The Federal Circuit reversed. It held that the printing mandate does not apply to the printed gun locks here, because to construe the statute otherwise would raise constitutional concerns.
But first, the Court had to address waiver. The bid protestor was advancing a constitutional challenge to the printing mandate that was never raised or addressed in the trial court. The Federal Circuit, however, explained that “the rule of waiver is prudential,” and it decided to exercise its discretion to reach the issue anyway. It explained that the constitutional issue “is a pure question of law which has been fully briefed by the parties before our Court, and we perceive no prejudice to any party in considering this issue now, nor any purpose to be served by remand.” Interestingly, the Court declined to decide whether the bid protestor could avoid waiver by characterizing the constitutional issue as “a new argument in support of an existing claim.”
Reaching the merits, the Court noted doubt about the constitutionality of the printing mandate. The separation of powers limits Congress’s ability to control non-legislative actors. The statutory mandate that executive agencies procure printing through the GPO—a congressional entity controlled by members of Congress—implicates that principle. For that reason, the Office of Legal Counsel has opined that the printing mandate is unconstitutional, and government counsel in this case adhered to that position. (While the Court recounted those views, it appears to have tiptoed around declaring its own view of the statute’s constitutionality.)
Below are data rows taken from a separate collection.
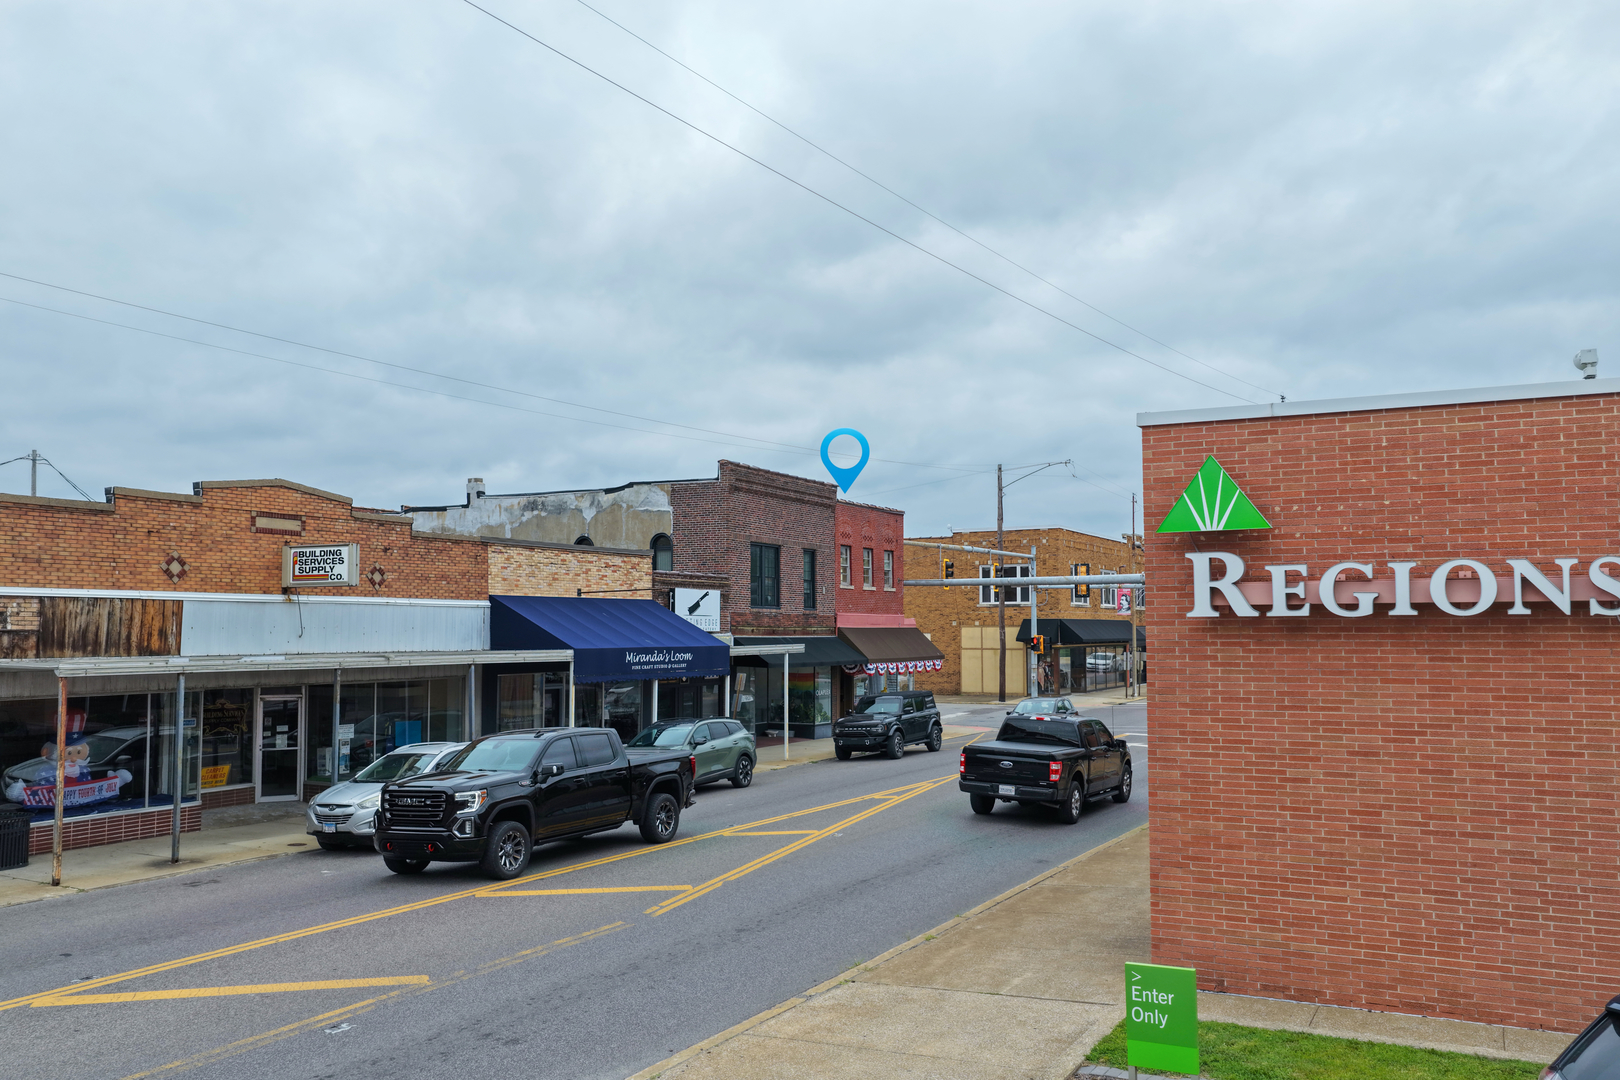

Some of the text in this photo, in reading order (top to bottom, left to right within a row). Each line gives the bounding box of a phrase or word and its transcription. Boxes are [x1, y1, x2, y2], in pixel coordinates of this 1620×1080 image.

[298, 549, 342, 558] BUILDING
[298, 557, 345, 566] SERVICES
[298, 566, 335, 574] SUPPLY
[329, 573, 345, 581] CO.
[1185, 551, 1620, 618] REGIONS
[704, 618, 718, 627] EDGE
[625, 649, 693, 663] Miranda's Loom
[205, 766, 225, 775] CARPET
[201, 772, 226, 781] CLEANERS
[105, 781, 118, 794] JULY
[1131, 985, 1175, 1005] Enter
[1131, 1006, 1168, 1029] Only
With the parties apparently agreeing that the printing mandate standing alone is unconstitutional, the Court was left with two ways to avoid the constitutional defect. First was the path urged by the government: It argued that even apart from the printing mandate, a regulation independently required the VA to use the GPO for printing here. The Court rejected that view, concluding that the regulation merely “parrots” the statute and therefore “does not obviate any potential separation of powers concern.” Instead, the Court took a second path. It construed the statute narrowly under the canon of constitutional avoidance so that the printing mandate does not apply to this case. In particular, the Court construed “printing” to apply “only to the production of written or graphic published materials,” not the production of the gun locks in this solicitation.
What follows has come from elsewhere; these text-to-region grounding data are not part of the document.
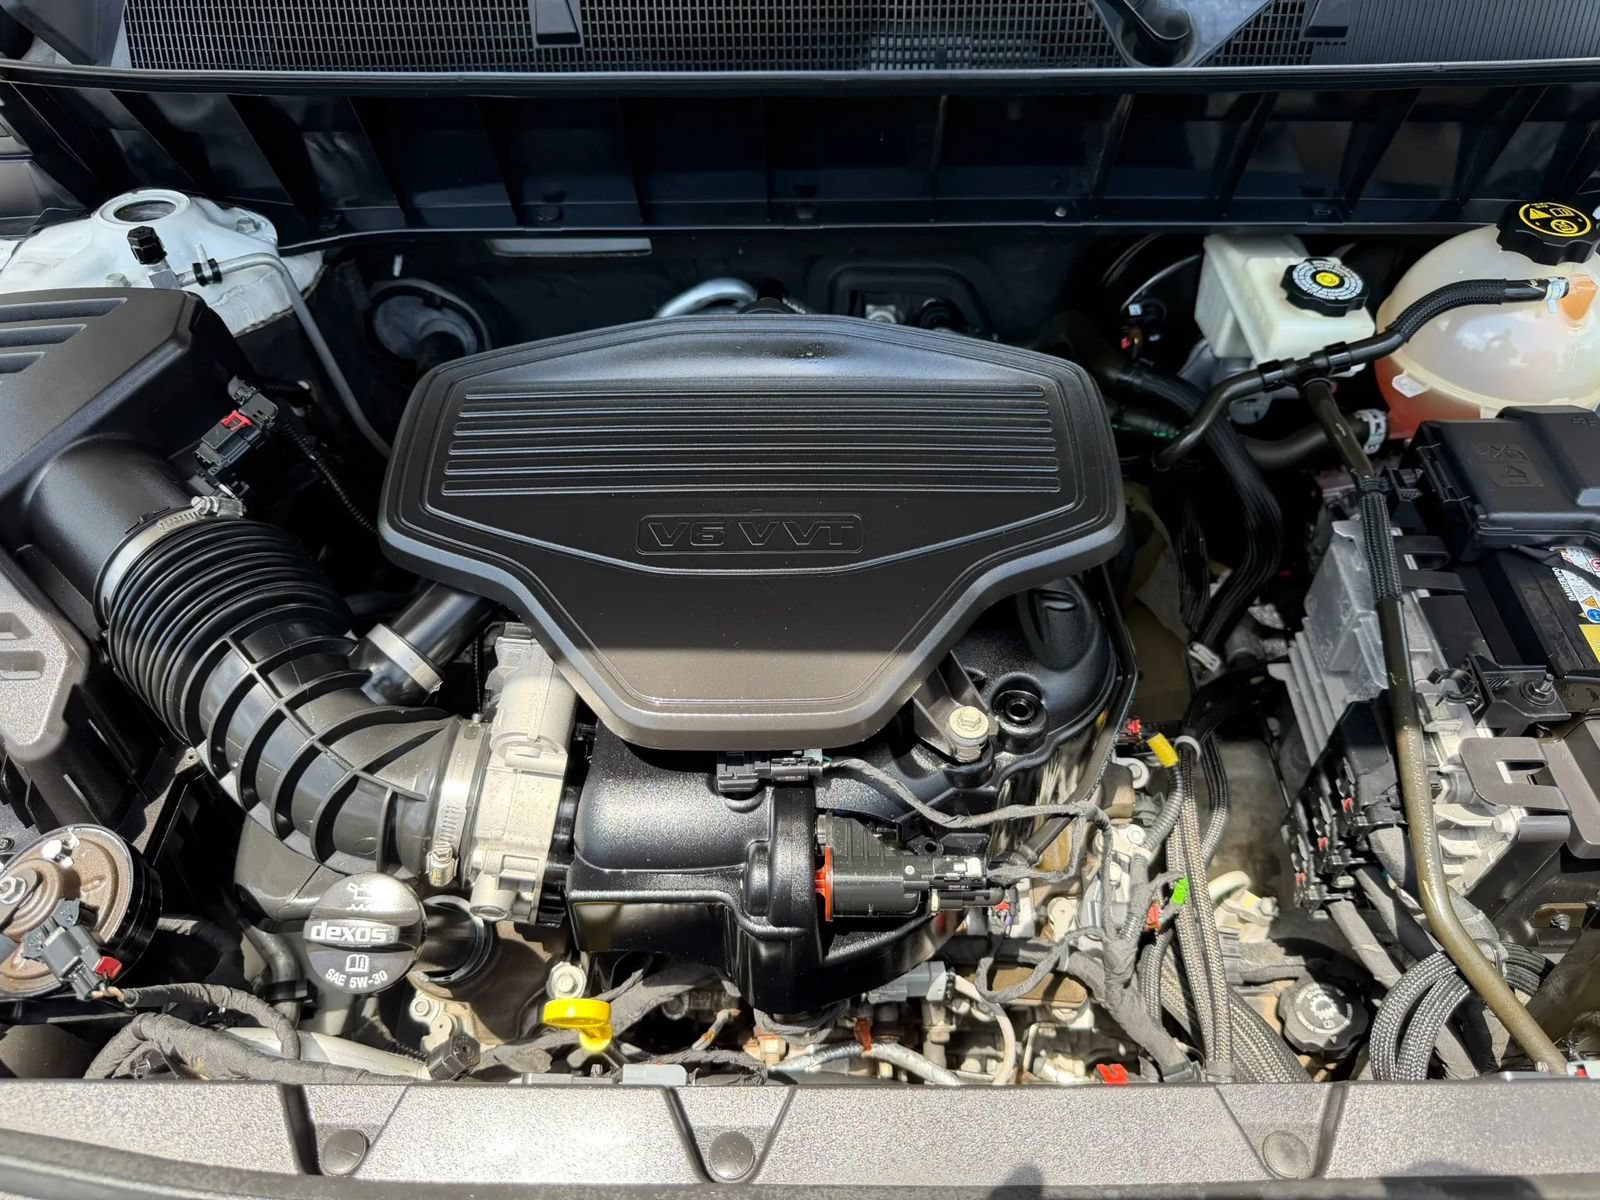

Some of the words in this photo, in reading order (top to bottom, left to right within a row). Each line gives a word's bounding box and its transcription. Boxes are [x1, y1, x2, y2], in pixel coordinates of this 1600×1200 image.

[648, 521, 726, 547] V6
[738, 521, 854, 546] VVT
[310, 920, 390, 943] dexos
[324, 968, 347, 986] SAE
[349, 970, 388, 989] 5W-30
Thus, under the Court’s construction of the statute, the VA was not required to send the solicitation to the GPO, undercutting the premise of the trial court’s decision. The Federal Circuit declined to go further and address how the Rule of Two should have applied, instead sending the case back to the trial court. It is not immediately obvious, though, what will happen on remand, as the solicited goods have already been procured. The Court held that the case is not moot because of the exception for controversies “capable of repetition, yet evading review,” but the Court did not address what relief could still be available to the bid protestor.